Epistaxis treatment is variable. This study sought to determine demographic, management, and outcome differences in patients treated with early (<24 hours) vs late ligation or embolization.


This study was a retrospective review of the 2008 to 2010 Nationwide Inpatient Sample (NIS) for patients admitted with epistaxis. Hospital and patient demographics and outcomes were compared between early vs late surgical intervention. Multivariate models analyzed the economic measures (length of stay and hospital charges) between early and late treatment.


Of 57,039 cases of primary epistaxis identified in the NIS database, 4662 (8.2%) received ligation or embolization. There was no significant influence of early treatment on the odds of mortality, stroke, blindness, or blood transfusion. The total charges and length of stay were significantly reduced for early surgical intervention using embolization or ligation. Two predictors of early intervention were common to both ligation and embolization: (1) weekday admission (p < 0.001; odds ratio [OR], 1.856), and (2) admission to a non-Midwest hospital (p < 0.001; OR, 3.276).
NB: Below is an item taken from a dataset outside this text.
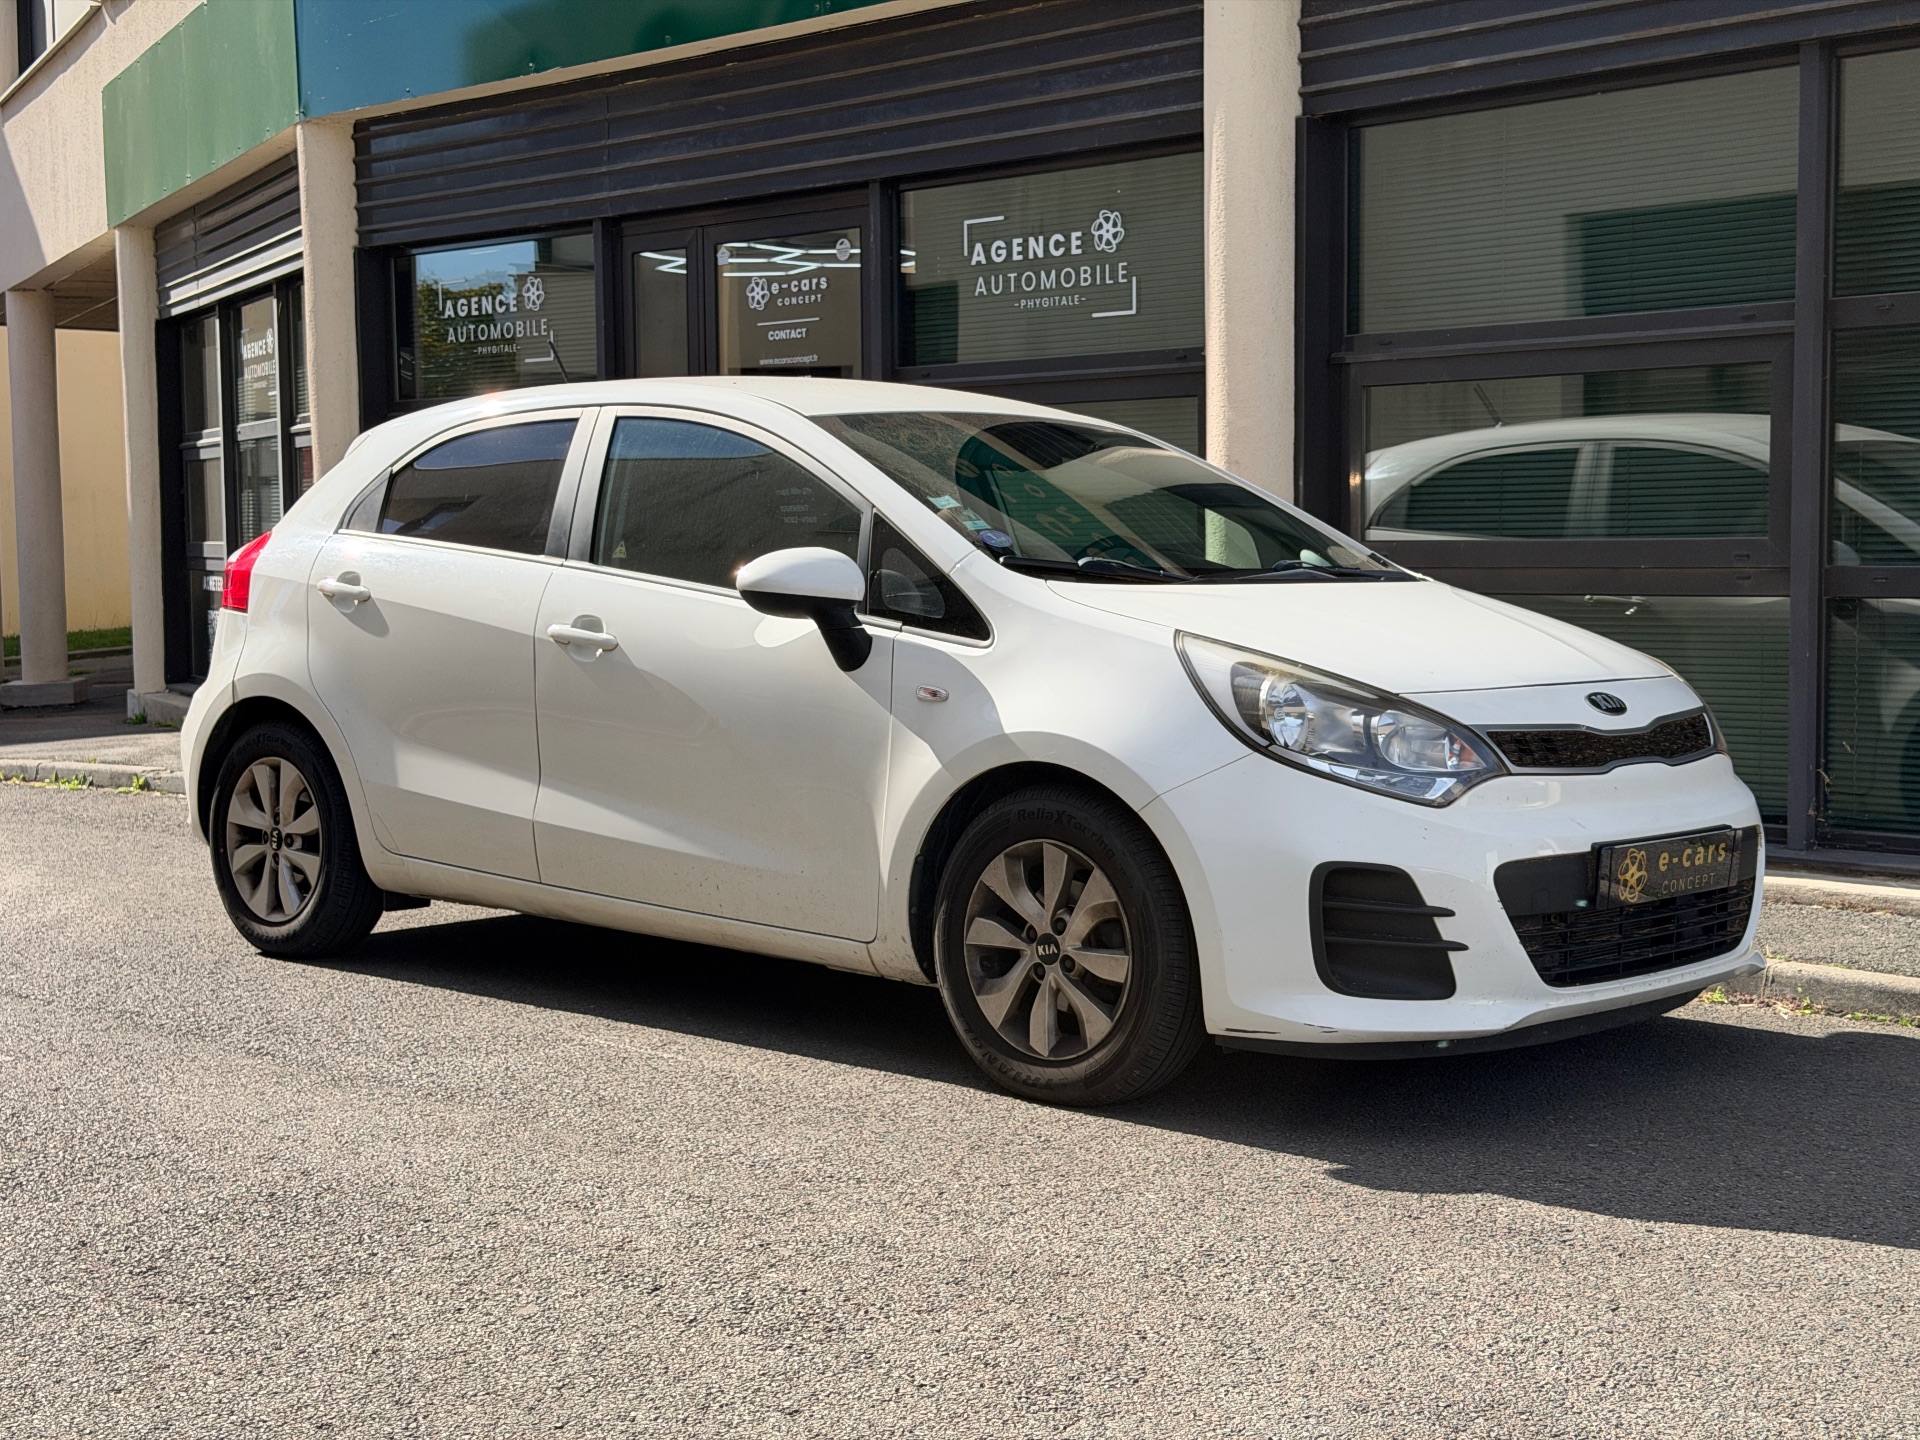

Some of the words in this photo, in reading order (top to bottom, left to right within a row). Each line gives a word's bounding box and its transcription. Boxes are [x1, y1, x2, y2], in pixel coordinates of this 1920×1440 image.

Additional predictors of early intervention with ligation included: (1) admission to an urban hospital; (2) admission to a nonteaching hospital; (3) black race; and (4) income >$39,000. The odds of embolization within the first 24 hours were lowered with each additional chronic condition (p = 0.017; OR, 0.912).


Efficient and effective healthcare delivery is paramount given the potentially life-threatening nature of epistaxis and the current economic environment. Delayed intervention significantly increased hospital charges and length of stay. Rapid identification and treatment may prove to be a cost-saving measure.